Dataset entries
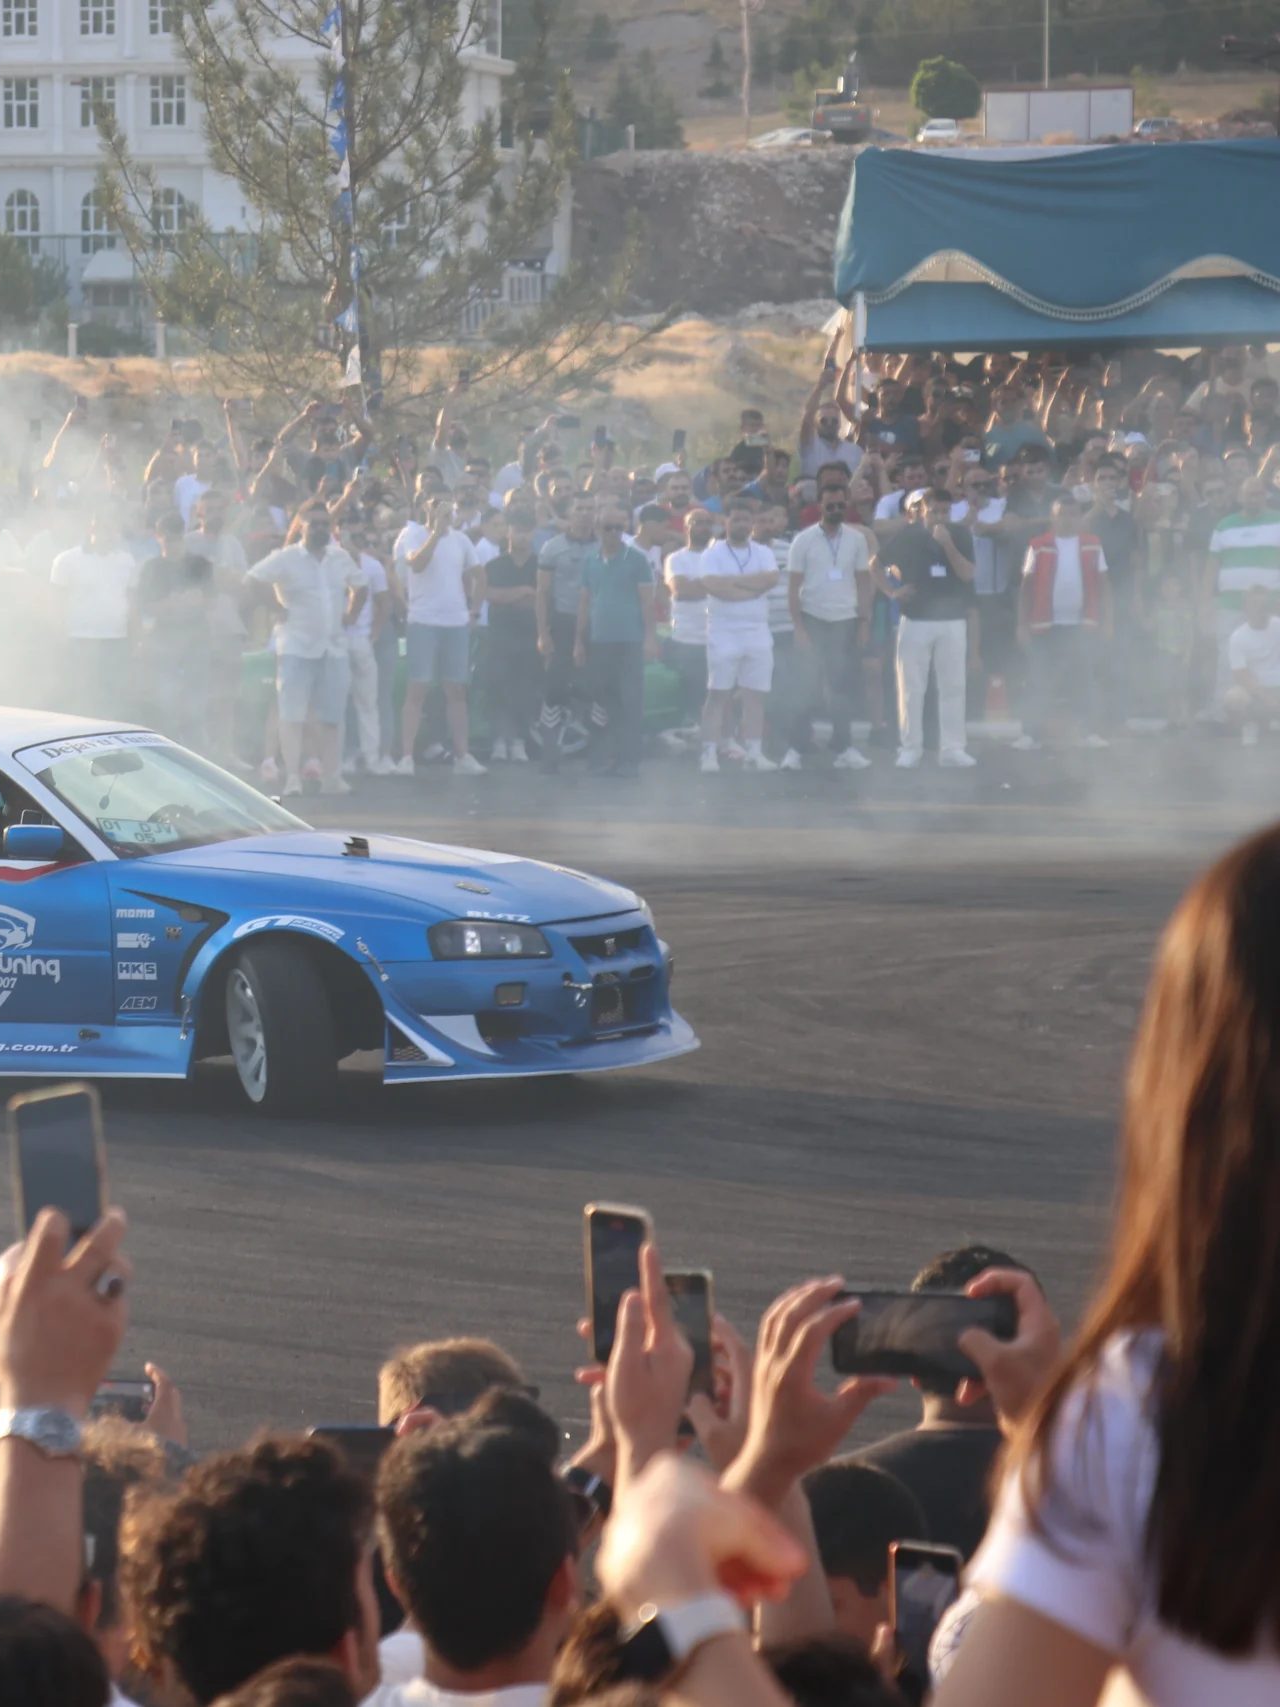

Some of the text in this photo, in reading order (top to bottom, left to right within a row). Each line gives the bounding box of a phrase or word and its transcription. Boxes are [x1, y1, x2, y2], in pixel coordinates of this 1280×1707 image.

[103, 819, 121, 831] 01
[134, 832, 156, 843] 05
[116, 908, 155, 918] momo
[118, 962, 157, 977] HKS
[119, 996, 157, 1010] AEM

Your assignment
Reproduce the records verbatim, omitting all images they contain.

Solution
Some of the text in this photo, in reading order (top to bottom, left to right within a row). Each line gives the bounding box of a phrase or word and its transcription. Boxes are [x1, y1, x2, y2], in pixel coordinates of this 1280×1707 image.

[103, 819, 121, 831] 01
[134, 832, 156, 843] 05
[116, 908, 155, 918] momo
[118, 962, 157, 977] HKS
[119, 996, 157, 1010] AEM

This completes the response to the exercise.